[Task data — start]

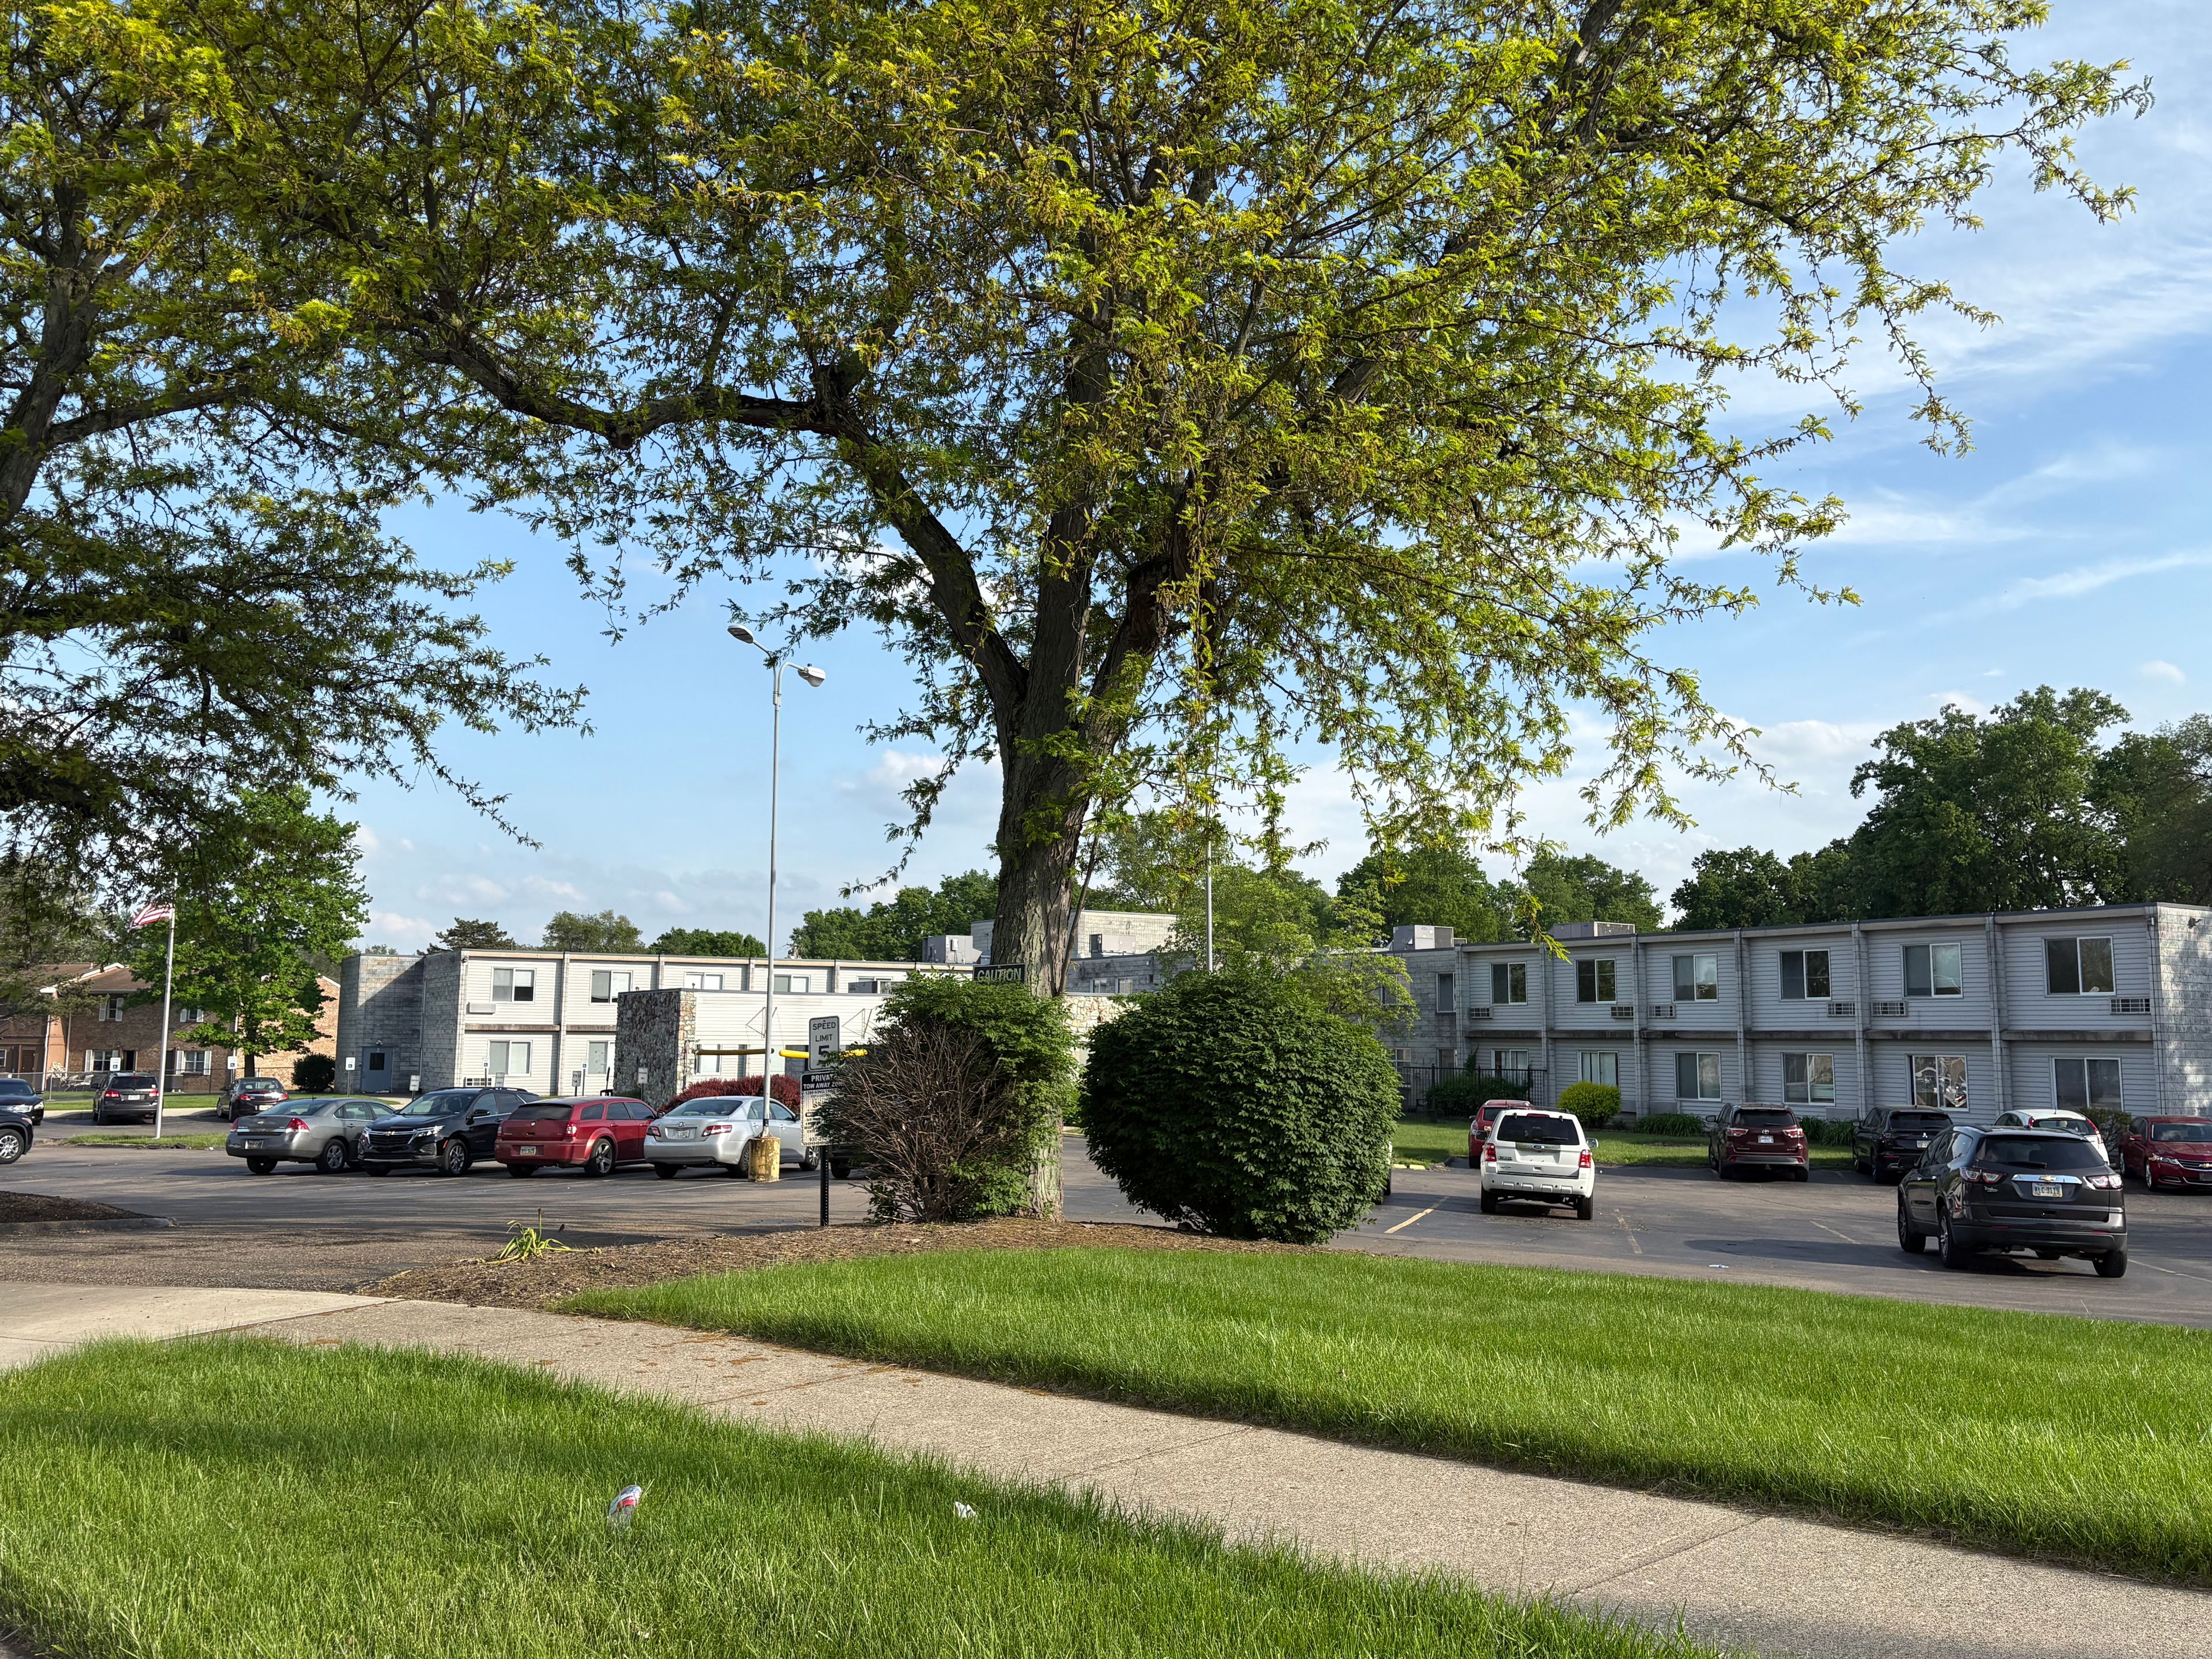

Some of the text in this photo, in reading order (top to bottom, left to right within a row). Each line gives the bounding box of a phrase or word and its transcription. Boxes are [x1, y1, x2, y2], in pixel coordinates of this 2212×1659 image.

[977, 968, 1021, 982] CAUTION
[812, 1022, 836, 1030] SPEED
[815, 1034, 833, 1042] LIMIT
[818, 1045, 830, 1064] 5
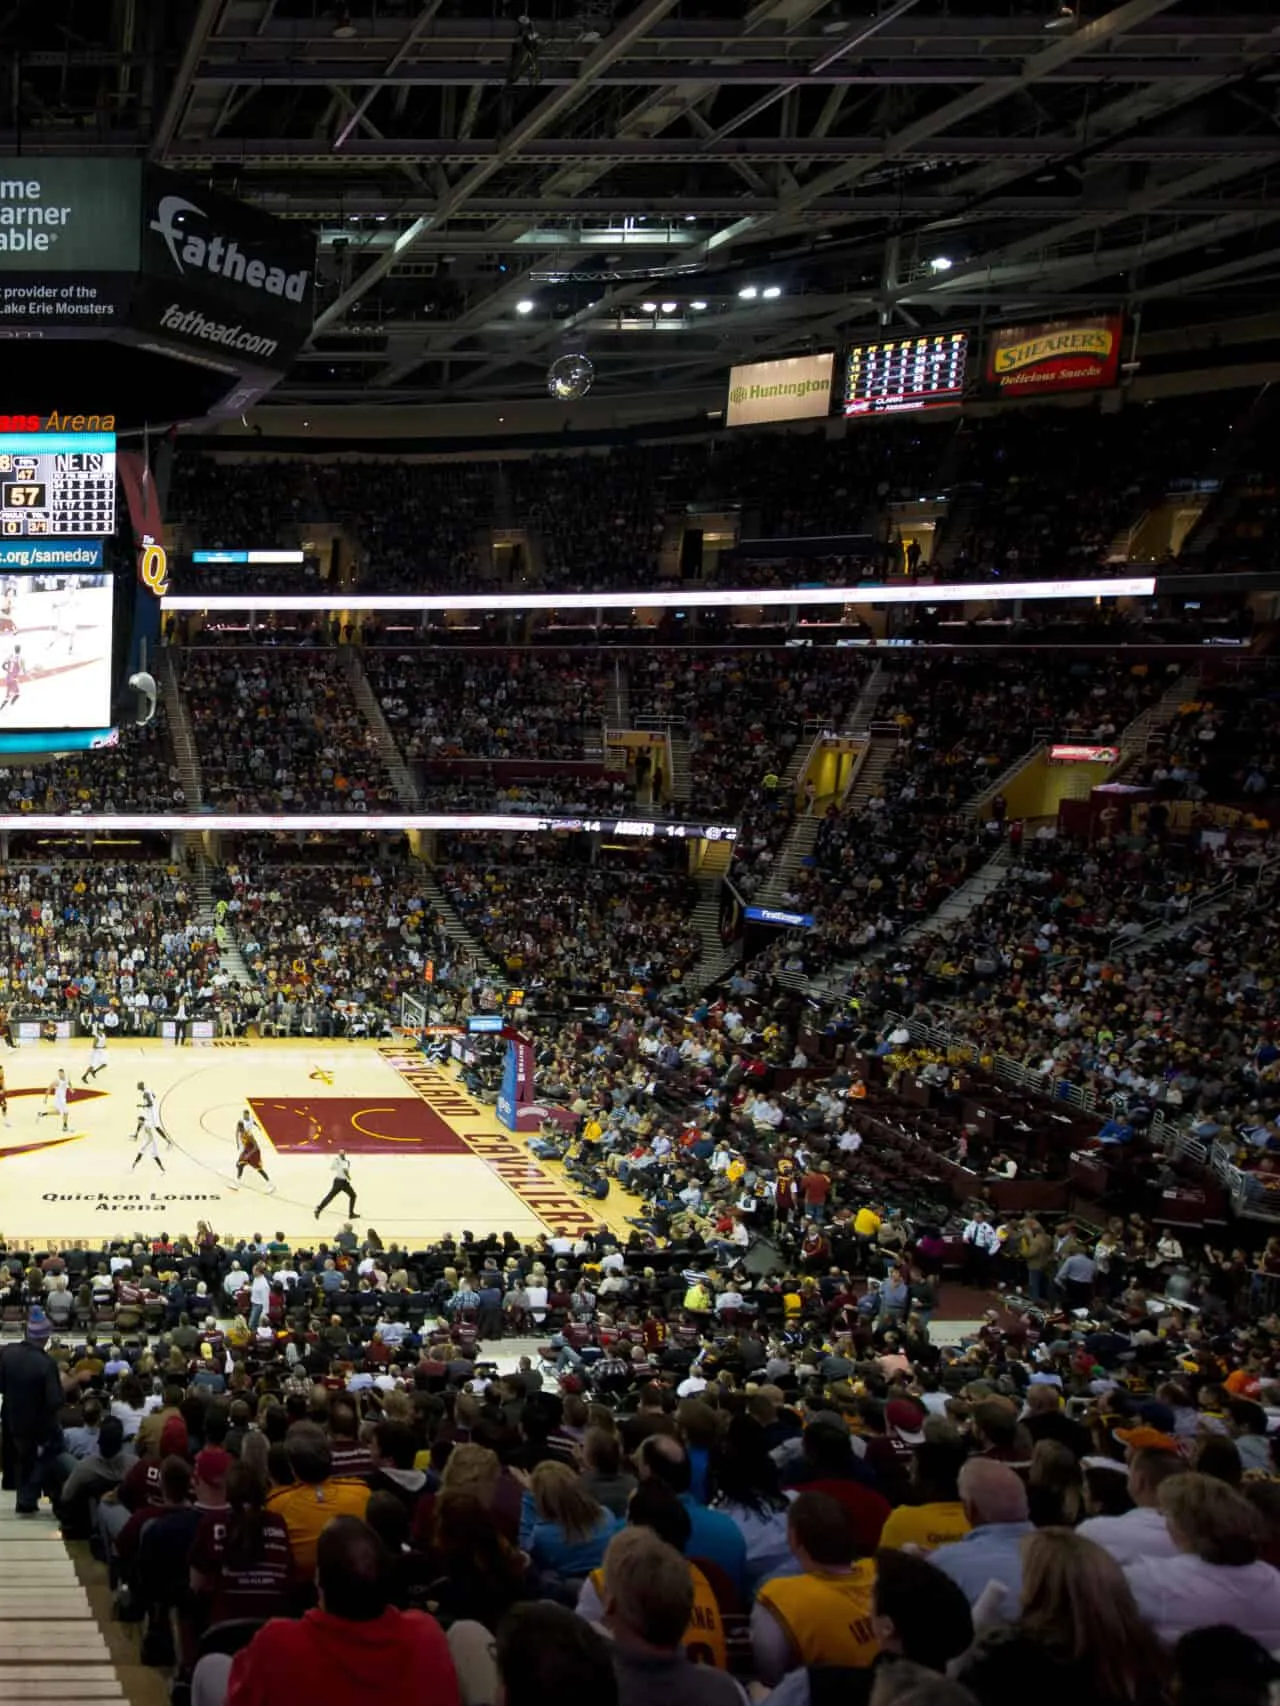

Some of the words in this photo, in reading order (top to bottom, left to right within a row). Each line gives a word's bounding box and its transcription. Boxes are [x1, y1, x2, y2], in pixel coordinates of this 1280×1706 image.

[Task data — finish]

> [Exercise instructions]: For this exercise, output the records exactly but omit their pictures.

> [Response area]:
Some of the text in this photo, in reading order (top to bottom, left to right within a row). Each line gives the bounding box of a phrase or word and its transcription. Boxes are [x1, y1, x2, y2], in pixel coordinates of this 2212×1659 image.

[977, 968, 1021, 982] CAUTION
[812, 1022, 836, 1030] SPEED
[815, 1034, 833, 1042] LIMIT
[818, 1045, 830, 1064] 5

Some of the words in this photo, in reading order (top to bottom, left to right within a row). Each line gives a word's bounding box and its transcription. Boxes are [x1, y1, x2, y2], in pixel coordinates of this 1280×1706 image.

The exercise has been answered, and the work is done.